As you know from Why use Symmetrical FIR Filters with an Odd Length?, FIR filters have several advantages. However, execution speed is typically not one of them. When the day comes that you need something that’s faster, you might need to switch to an IIR filter, for example, a single-pole IIR filter. However, as briefly explained in The Phase Response of a Filter, (causal) IIR filters are not linear phase. One consequence of this is that they don’t handle rising and falling edges in the input signal in the same way, as illustrated in Figure 1.

The single-pole IIR filter is *fast*. Its update expression per sample is typically something like `y += b * (x - y)`

, where `x`

is the input sample, `y`

the output sample, and `b`

a parameter of the filter. The value of `b`

was 0.25 in the example of Figure 1, corresponding with a decay value of 0.75.

## Apply in Both Directions

A way to work around the nonlinear phase is to apply the filter twice, both in the forward and in the reverse direction. The exact procedure to follow is the following.

- Filter the input signal \(x[n]\). This results in an intermediate signal \(x_i[n]\).
- Reverse the order of the samples in \(x_i[n]\).
- Filter \(x_i[n]\) with the same filter. This results in the output signal \(y[n]\).
- Reverse the order of the samples in \(y[n]\) to get the final output signal.
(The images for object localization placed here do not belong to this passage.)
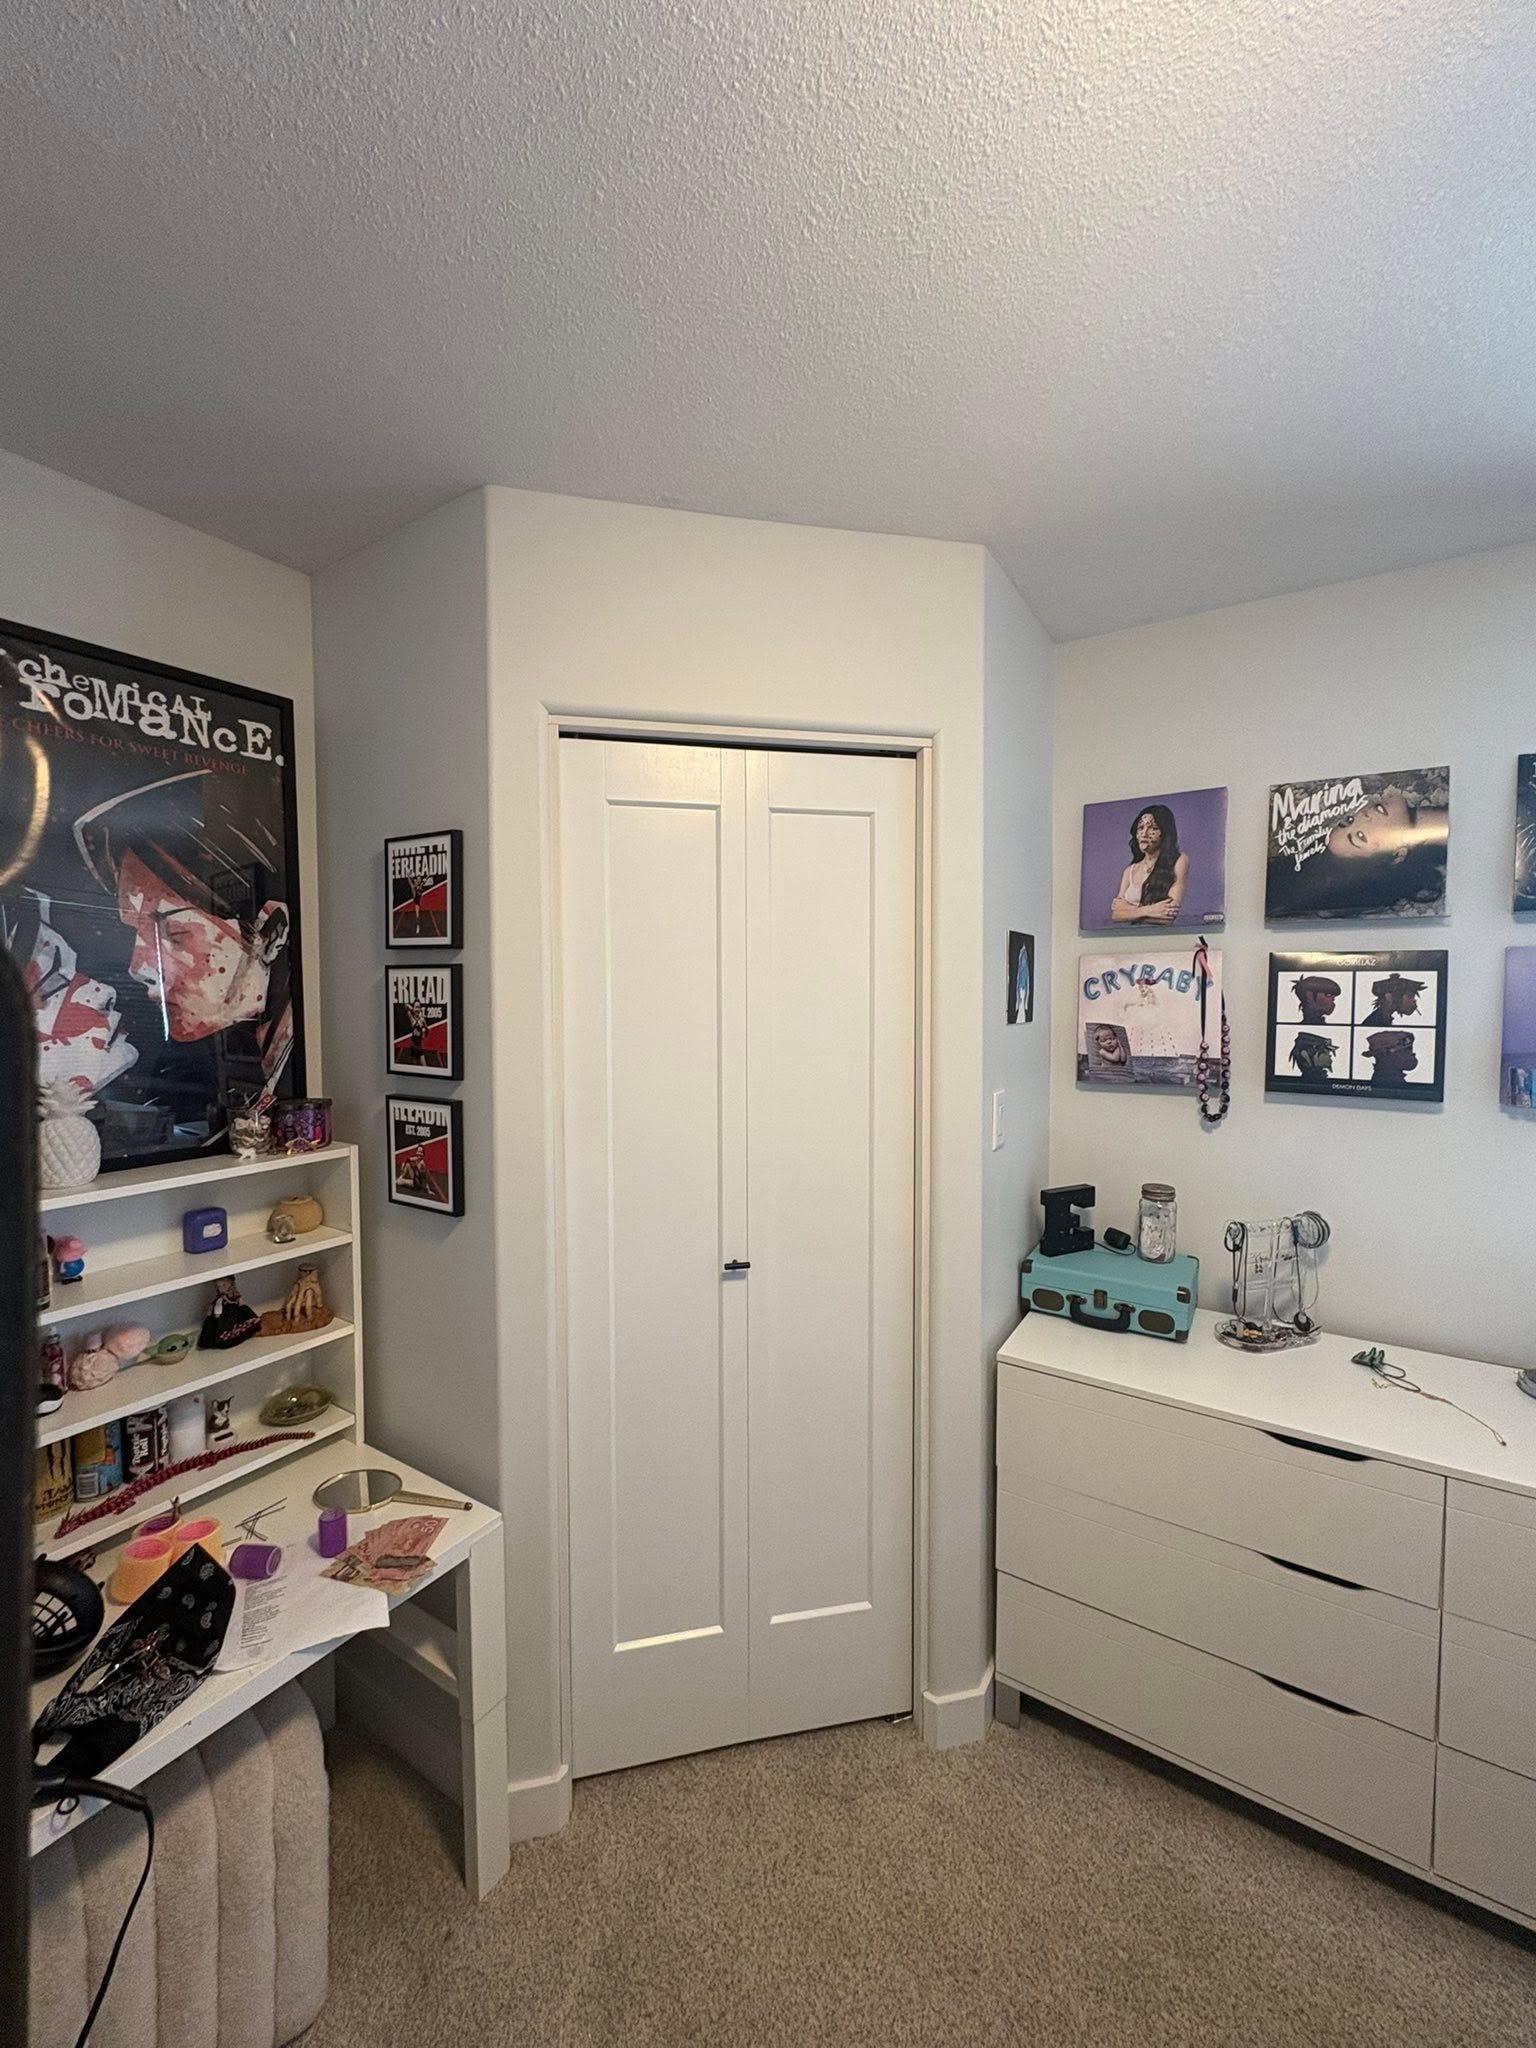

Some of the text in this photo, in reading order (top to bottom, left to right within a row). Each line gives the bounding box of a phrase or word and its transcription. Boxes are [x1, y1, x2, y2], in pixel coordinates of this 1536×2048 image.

[12, 718, 84, 742] CHEERS
[91, 733, 123, 750] FOR
[128, 741, 177, 761] SWEET
[184, 752, 247, 776] REVENGE
[1272, 778, 1364, 832] Marina
[1275, 794, 1368, 846] the diamonds
[1278, 845, 1297, 856] The
[405, 1124, 431, 1137] EST. 2005
[132, 1432, 141, 1466] Tootsie
[140, 1437, 149, 1456] Roll
Figure 2 shows the result of following this procedure. Of course, a downside of this approach is that this filter is no longer *causal*. This is unavoidable, since a causal filter can never be zero phase. The non-causality is obvious in Figure 2, since the filtered signal starts to rise *before* the pulse arrives. This is not a problem for your further processing of the signal, but it precludes using this filter for real-time applications, at least not without introducing a delay. Which is, in turn, also no problem, since that makes the filter *linear phase*, which is almost always just as good as zero phase in practice.

## Python Code

In Python, assuming an input signal `x`

of length `n`

and using the `LowPassSinglePole`

class from Low-Pass Single-Pole IIR Filter, this can be implemented as follows.
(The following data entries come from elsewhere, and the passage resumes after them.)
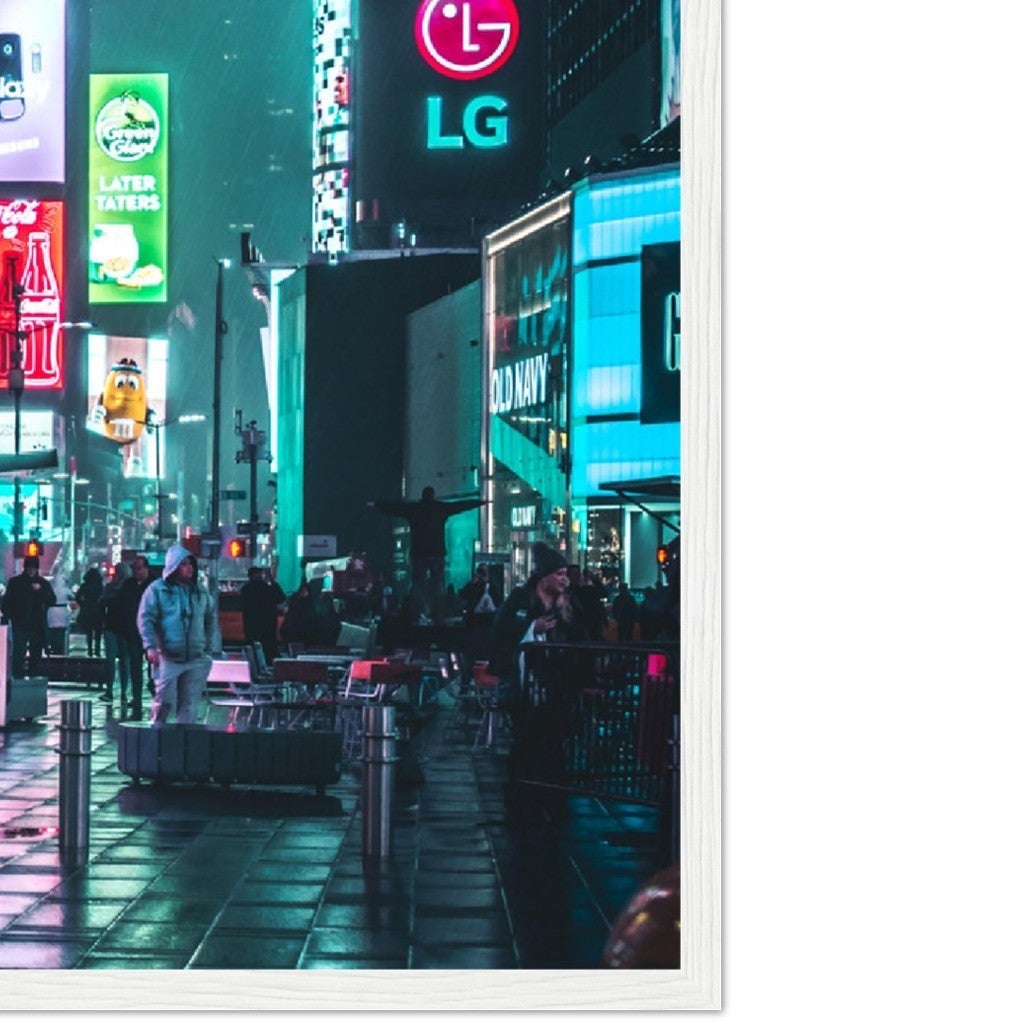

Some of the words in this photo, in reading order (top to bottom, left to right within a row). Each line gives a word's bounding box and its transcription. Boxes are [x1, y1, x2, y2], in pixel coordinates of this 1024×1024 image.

[427, 95, 509, 149] LG
[98, 174, 156, 192] LATER
[93, 194, 161, 212] TATERS
[490, 365, 513, 414] OLD
[514, 352, 549, 410] NAVY
# Input assumed to be in an array x of length n. # Create the filter. low_pass_single_pole = LowPassSinglePole(decay=0.75) # Filter the signal. xi = np.zeros(n) for i in range(n): xi[i] = low_pass_single_pole.filter(x[i]) # Reverse the order of the samples. xi = xi[::-1] # Filter the signal. y = np.zeros(n) low_pass_single_pole.reset() for i in range(n): y[i] = low_pass_single_pole.filter(xi[i]) # Reverse the order of the samples. y = y[::-1]
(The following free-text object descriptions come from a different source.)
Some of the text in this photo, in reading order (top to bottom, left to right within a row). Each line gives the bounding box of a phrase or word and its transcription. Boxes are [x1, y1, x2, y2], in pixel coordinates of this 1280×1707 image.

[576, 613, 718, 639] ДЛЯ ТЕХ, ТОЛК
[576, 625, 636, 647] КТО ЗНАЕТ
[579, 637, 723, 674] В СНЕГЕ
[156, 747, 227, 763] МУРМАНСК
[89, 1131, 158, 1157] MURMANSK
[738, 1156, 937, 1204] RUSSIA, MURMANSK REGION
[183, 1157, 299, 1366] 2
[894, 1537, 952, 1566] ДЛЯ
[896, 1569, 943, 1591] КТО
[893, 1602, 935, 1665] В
Note that Python is definitely *not* the language in which this kind of implementation is efficient. The explicit for loop over the samples of the signal is a dead giveaway in this respect. If you find yourself looping over samples in Python instead of using array operations, you know that your code is probably going to be slow. So, this code is just for demonstration purposes. In C or C++, on the other hand, an implementation like this is perfectly fine.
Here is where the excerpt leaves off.